One early fall afternoon, I remember sitting at my elementary school desk feeling disappointed because my second-grade-best-friend and I were separated by a single chair in math class. At the time, I believed it was a personal injustice. In reality, I was probably talking too much and thus the separation was a consequence. However, I remember my disappointment blended with my feisty spirit and I made a joke, calling the innocent bystander seated between us an unkind name.

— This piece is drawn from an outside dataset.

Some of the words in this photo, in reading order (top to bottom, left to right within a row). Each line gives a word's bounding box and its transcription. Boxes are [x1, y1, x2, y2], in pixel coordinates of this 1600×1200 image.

Little did I know that that single word would send him home that day in tears which would result in a phone call from his mother to mine. I can remember feeling immediate guilt as I realized the severity of my selfish action. I cried most of the night as I pulled out my construction paper and crayons and wrote a tear stained letter expressing my heartfelt apology and a dozen promises that I would never speak an unkind word again. I laid awake all night, mad at myself and terrified that this discomfort and anxiety would never go away if he would not forgive me. The next morning, both families met in the parking lot at the elementary school. Tears down my cheeks, card in hand, I apologized in person- fear, doubt, guilt and shame filled up my lungs until I could hardly breathe. And then he spoke three little words that I will never forget,
I forgive you.
And like that, I could breathe. I smiled, embraced my young friend and basked in the freedom it felt to be forgiven.
You cannot talk about forgiveness without talking about freedom. Sin creates a cage that limits our ability to experience joy, to live without fear, and to serve without guilt. Our sin is the lid to our potential because it is in sin that we are unqualified and undeserving. But Jesus removed that lid, called us qualified, made us deserving and paved a path of freedom for us to walk in. Jesus taught about freedom, He gave to us our freedom, and He calls us to do the same for others. If our forgiveness does not offer freedom, than we are doing it wrong.

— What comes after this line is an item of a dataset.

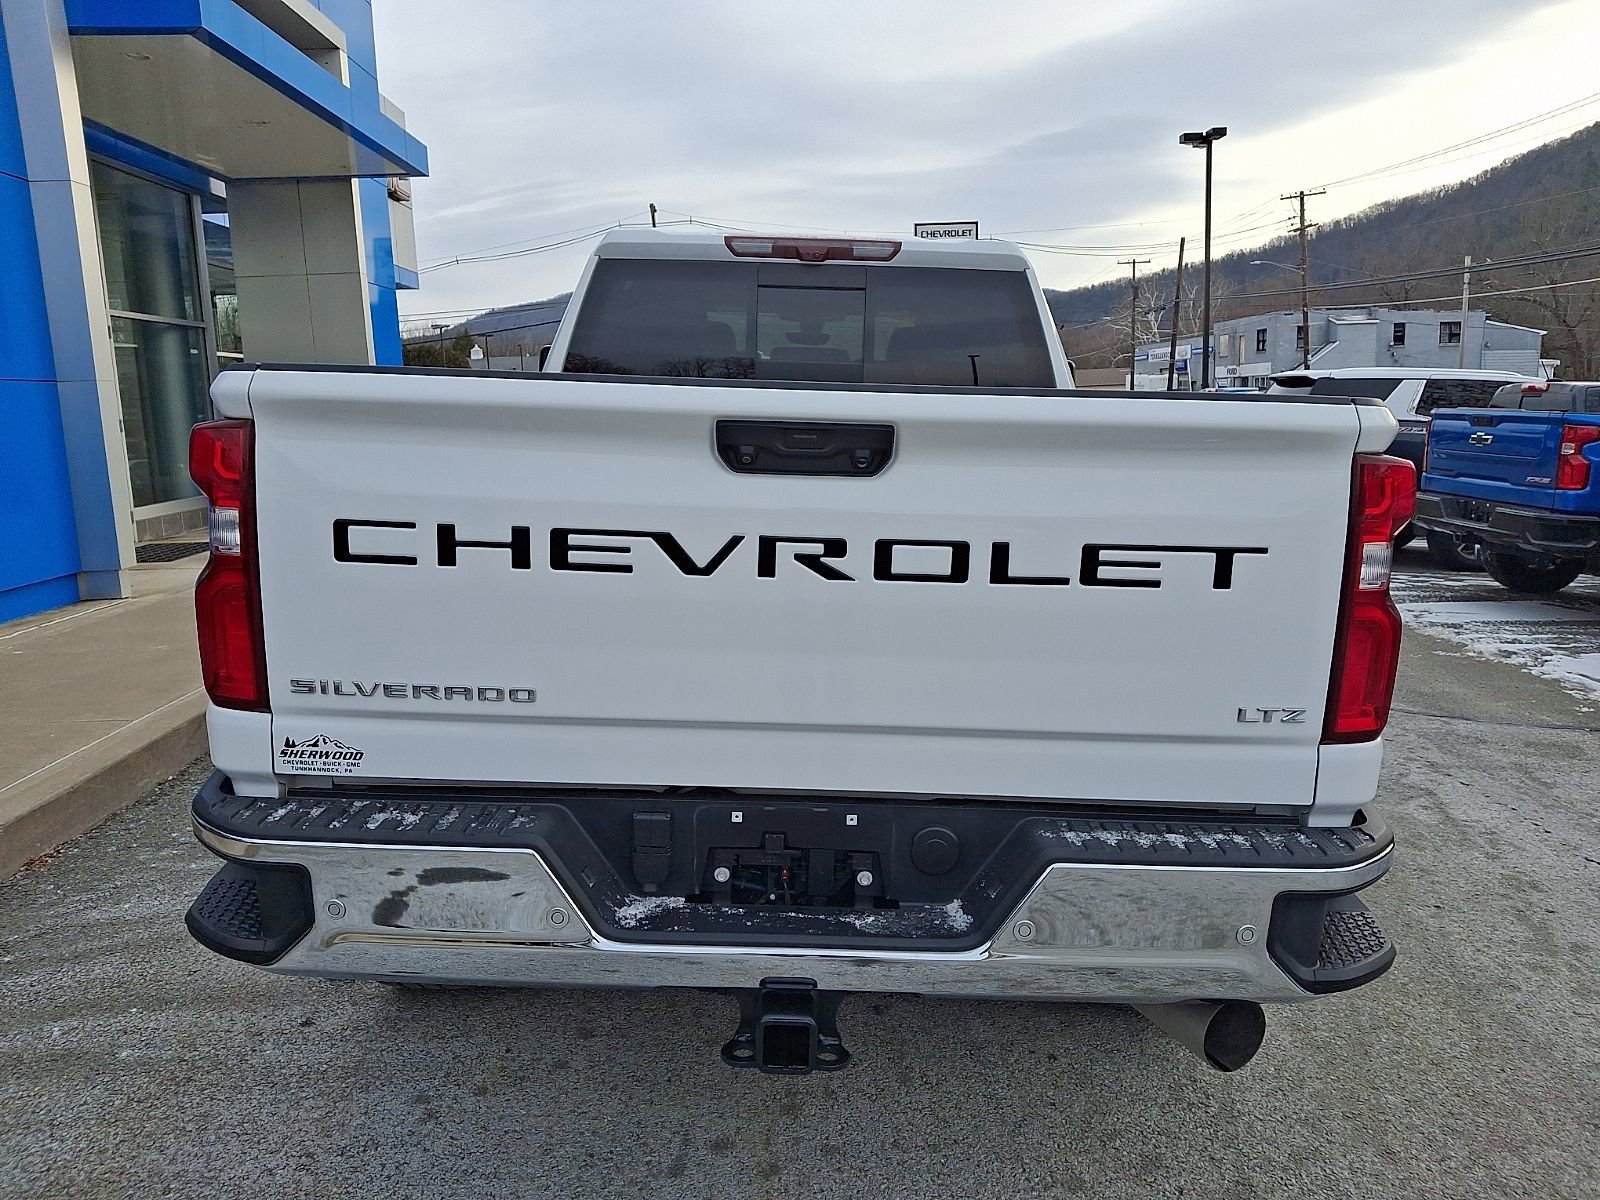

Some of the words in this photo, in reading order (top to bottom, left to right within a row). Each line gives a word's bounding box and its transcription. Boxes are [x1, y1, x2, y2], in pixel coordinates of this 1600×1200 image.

The Gospel does not teach that freedom is a sacrifice, it teaches that in His sacrifice, there is freedom.
Luke records the powerful, heartbreaking story of Jesus’ death. Everytime I reach this story in the Gospel, my heart literally aches. Not because I do not remember the ending, but because it hurts to think of Jesus suffering and dying for me. I love Luke’s narration because he records that while Jesus hangs on the cross, while he is still being mocked, tortured and humiliated, he prays, “Father, forgive them, for they don’t know what they are doing” (Luke 23:34). The line that immediately follows this reads, “And the soldiers gambled for his clothes by throwing dice.” Jesus gave forgiveness and brought authentic freedom to us while man was still mocking, torturing and humiliating Him. The soldiers were not changed immediately by Christ’ forgiveness of them on the cross, but Jesus still gave it to them.

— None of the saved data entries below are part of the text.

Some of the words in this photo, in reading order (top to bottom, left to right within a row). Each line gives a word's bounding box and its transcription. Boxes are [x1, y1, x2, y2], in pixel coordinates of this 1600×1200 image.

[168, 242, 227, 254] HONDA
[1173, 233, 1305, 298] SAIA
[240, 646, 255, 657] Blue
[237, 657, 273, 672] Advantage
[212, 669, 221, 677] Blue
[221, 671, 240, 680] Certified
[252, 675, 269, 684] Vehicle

So what does freedom look like in our forgiveness? Freedom is found when we forgive without conditions. It is found when we forgive before an apology is offered, and when we can promise that although, boundaries may need to be put into place, that both parties can walk in peace knowing that revenge, retaliation and grudges are all in past. Freedom is found when forgiveness is given in place of pay back. Freedom is found when both parties can move forward or to walk away released from the past and headed toward the future. Freedom is an invitation to the cross to fill the gap that sin created. Freedom puts the Gospel message into action. Freedom comes when we choose to forgive.